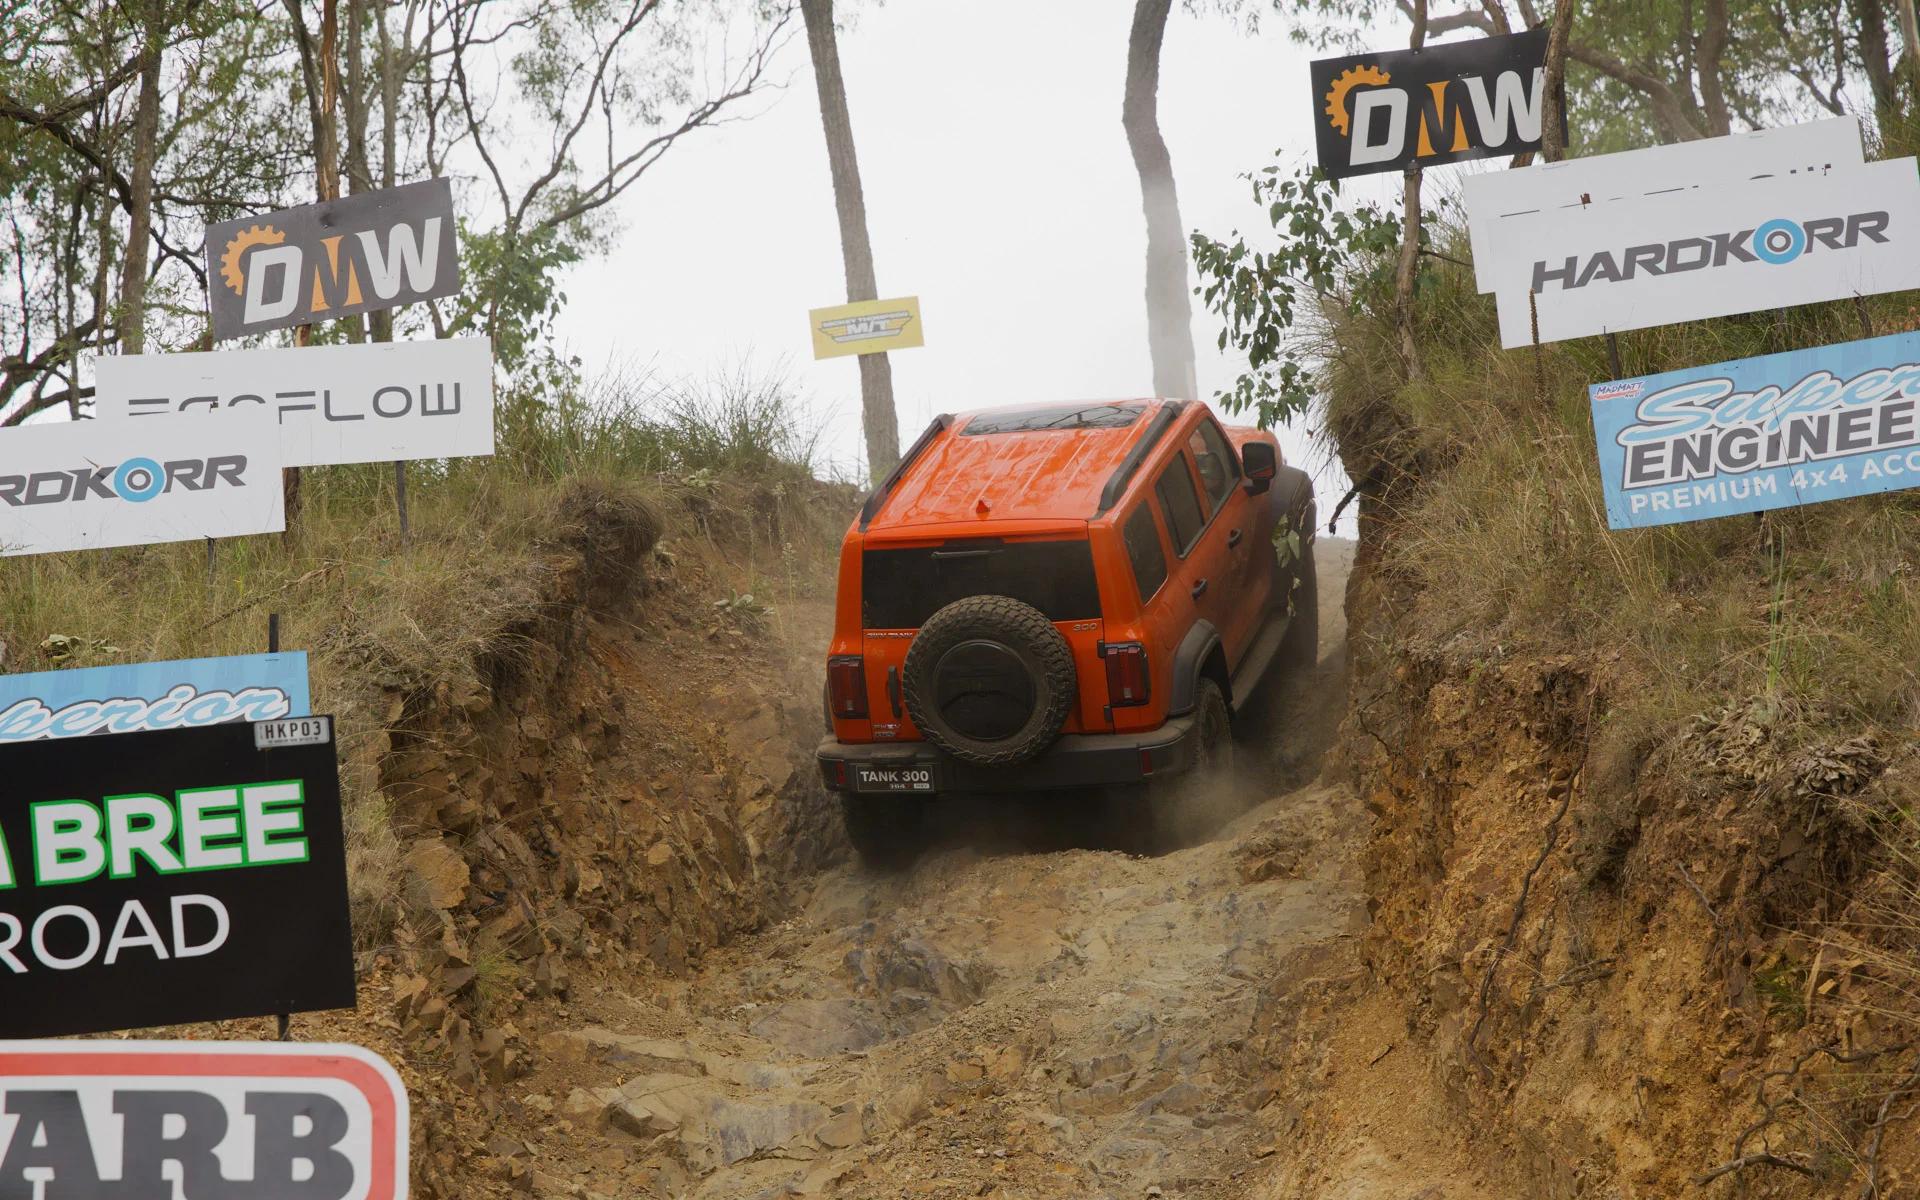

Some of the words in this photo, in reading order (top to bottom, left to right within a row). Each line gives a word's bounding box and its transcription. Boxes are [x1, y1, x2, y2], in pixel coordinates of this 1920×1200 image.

[1349, 66, 1547, 167] DMW
[243, 216, 442, 324] DMW
[1530, 210, 1890, 294] HARDKORR
[1626, 399, 1917, 487] ENGINEE
[1630, 474, 1777, 514] PREMIUM
[1789, 462, 1848, 489] 4x4
[860, 770, 898, 782] TANK
[902, 770, 929, 782] 300
[30, 779, 309, 886] BREE
[0, 1089, 355, 1200] ARB
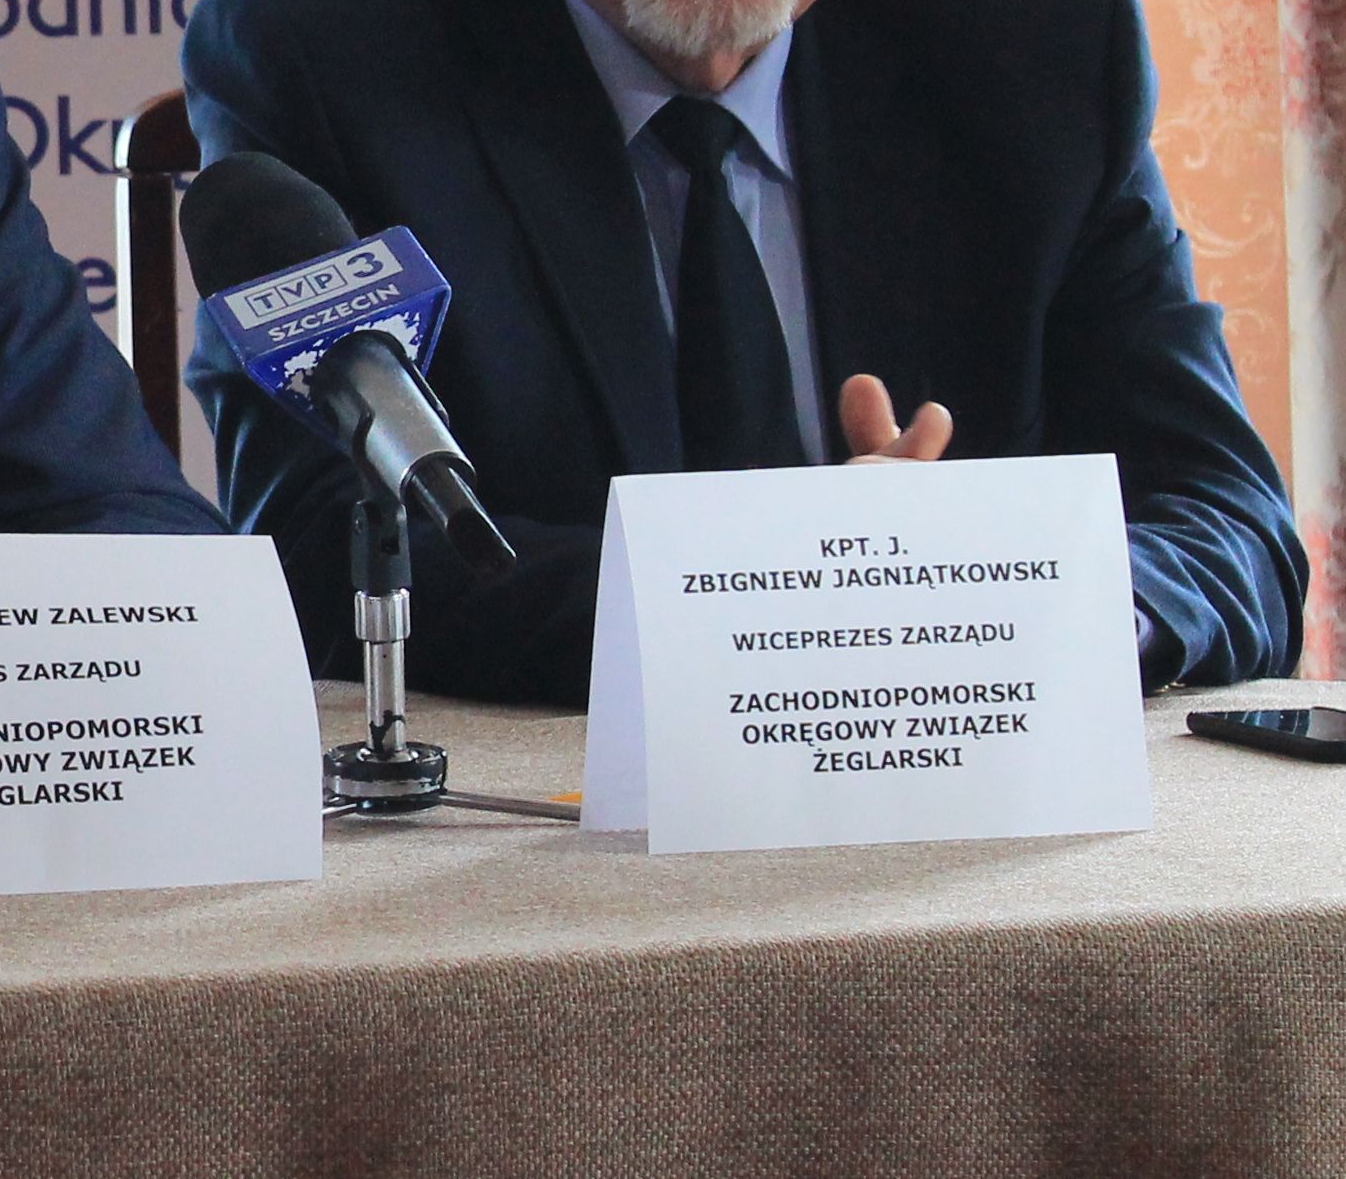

Directions for this task: Copy out nothing but text: transcribe the listing exactly and skip each picture.

Response for this exercise:
Some of the words in this photo, in reading order (top to bottom, left to right within a row). Each line gives a word's bounding box and its transcription. Boxes are [x1, y1, x2, y2], in pixel coordinates of this 1920×1200 image.

[1349, 66, 1547, 167] DMW
[243, 216, 442, 324] DMW
[1530, 210, 1890, 294] HARDKORR
[1626, 399, 1917, 487] ENGINEE
[1630, 474, 1777, 514] PREMIUM
[1789, 462, 1848, 489] 4x4
[860, 770, 898, 782] TANK
[902, 770, 929, 782] 300
[30, 779, 309, 886] BREE
[0, 1089, 355, 1200] ARB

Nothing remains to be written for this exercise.